Wenn es um Kinder geht, dann ist es natürlich schrecklich. Da denke ich mir schon manchmal: „Himmel, wie kann es sowas geben? Wie darf das sein?“ Und man fragt sich vor allem, wie die Menschen, wie die Eltern so etwas aushalten. Und man fragt sich, was wirklich wichtig ist im Leben.
Hat sich Ihr Blick auf das Leben durch solche Fahrten verändert?
Ja, schon. Viele Dinge, über die ich mich früher groß aufregen konnte, sind jetzt nicht mehr wichtig für mich. Konsum im Allgemeinen ist mir nicht mehr wichtig. Wozu brauche ich einen Sportwagen mit allen Schikanen, wenn die wichtigen Wünsche so viel einfacher und schöner sind?
Tatsächlich wollen Sie ein Auto mit allen Schikanen, aber nicht privat. Der HWK ist in die Jahre gekommen, und das Ersatzfahrzeug soll alle Stücke spielen können.
Ja. Das neue Fahrzeug soll alle Kriterien eines Krankenwagens erfüllen, aber für solche Fahrten viel besser geeignet sein. Unser jetziger ist ein gebrauchter Krankenwagen aus Österreich, der hat schon viel mitgemacht, und er wird auch noch einige Jahre durchhalten müssen. Deshalb haben wir früh mit der Spendenkampagne angefangen. Wir brauchen eine Ausstattung, die in Krankenwagen nicht vorkommt, weil sie für den normalen Einsatz nicht gebraucht wird. Das fängt bei der Gepäcksicherung an und geht über spezielle Kraftknoten im Boden für große Rollstühle bis hin zur Panoramaverglasung, damit die Leute noch einmal so viel von der Natur sehen wie möglich. Je mehr Geld zusammenkommt, desto mehr Komfort können wir uns für die Patienten leisten.
Was glauben Sie, wie lange es dauert, bis genug Geld zusammengekommen ist?
(lacht) Ich habe gerade erst mit Werner Kloiber um ein Tragerl Bier gewettet. Er sagt, es dauert zwei Jahre, ich bin pessimistischer und sage, dass es bis zu fünf Jahre dauern könnte.

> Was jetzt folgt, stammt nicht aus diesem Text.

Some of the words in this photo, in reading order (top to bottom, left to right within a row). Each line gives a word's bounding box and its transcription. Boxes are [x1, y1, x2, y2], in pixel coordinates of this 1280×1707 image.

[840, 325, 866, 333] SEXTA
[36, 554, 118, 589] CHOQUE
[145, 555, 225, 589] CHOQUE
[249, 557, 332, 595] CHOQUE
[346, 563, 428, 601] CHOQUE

Eine gute Wette für Sie: Wenn Herr Kloiber gewinnt, freuen Sie sich über den neuen HWK, und wenn Sie gewinnen, kriegen Sie ein Trostbier.

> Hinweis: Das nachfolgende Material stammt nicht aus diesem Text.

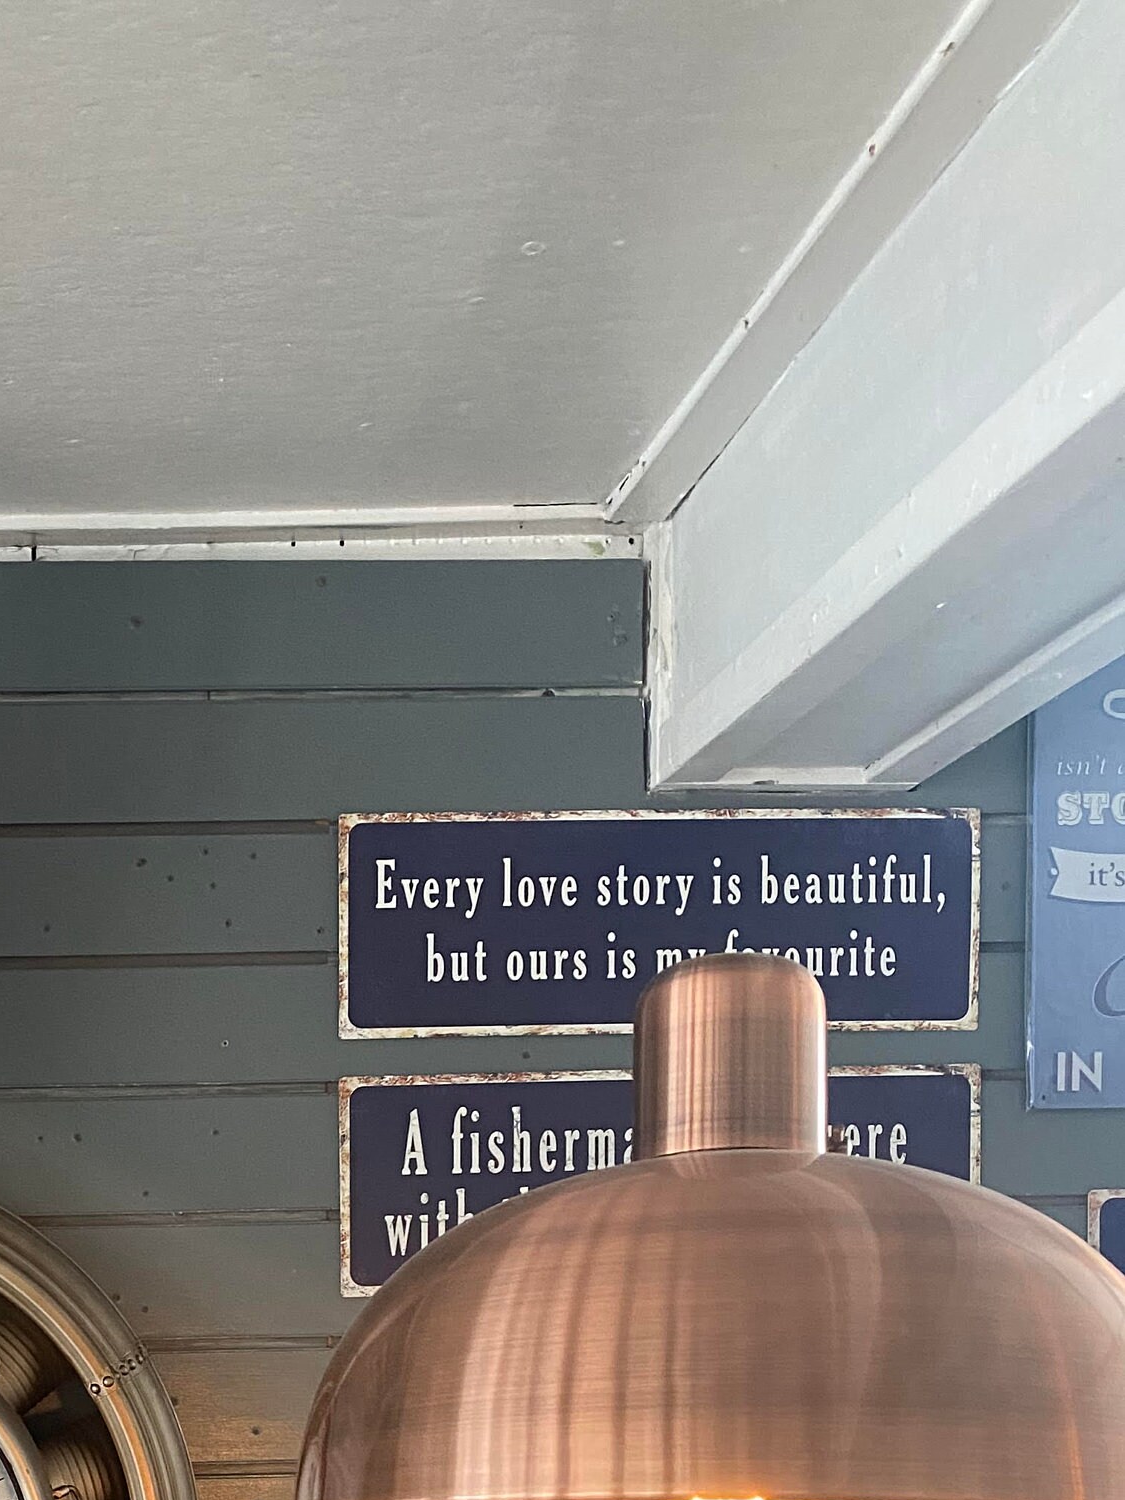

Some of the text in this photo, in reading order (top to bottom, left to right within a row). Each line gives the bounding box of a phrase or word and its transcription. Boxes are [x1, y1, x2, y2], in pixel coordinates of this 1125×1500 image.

[1057, 755, 1106, 776] isn't
[375, 854, 946, 918] Every love story is beautiful,
[426, 929, 897, 982] but ours is m furite
[1057, 1051, 1103, 1092] IN
[401, 1108, 428, 1175] A
[828, 1123, 907, 1165] ere

(lacht) Stimmt eigentlich!
Angenommen, Sie selbst erkranken schwer. Was wäre Ihr letzter Wunsch an den HWK?
Das kann ich nicht endgültig beantworten. Ich glaube, das weiß man erst, wenn man in der Situation ist. Vielleicht würde ich mir wünschen, noch einmal mit meiner Familie einen Tag in meinem Garten verbringen zu können. Ganz sicher würde ich mir wünschen, dass jemand das HWK-Projekt weiterführt und genau so viel Herzblut hineinsteckt wie Martin Lang und ich.
Interview: Johannes Munzinger
Spendenkonto: Malteser Hilfsdienst e.V. Pax-Bank eG
IBAN:DE14370601201201217012
BIC: GENODED1PA7
Verwendungszweck: Herzenswunsch-Krankenwagen
M2: Bild von Johannes Munzinger
M3: Didaktische Impulse
1. Sammelt in Partnerarbeit Sabine Grundmüllers Beweggründe für ihre Arbeit im Herzenswunsch-Krankenwagen.
2. Gibt es auch in eurer Umgebung eine Organisation, die Menschen ihren letzten Wunsch erfüllt? Informiert euch über Angebote in eurer Nähe.
3. Hast du aktuell einen kleinen Wunsch, der bald in Erfüllung gehen sollte?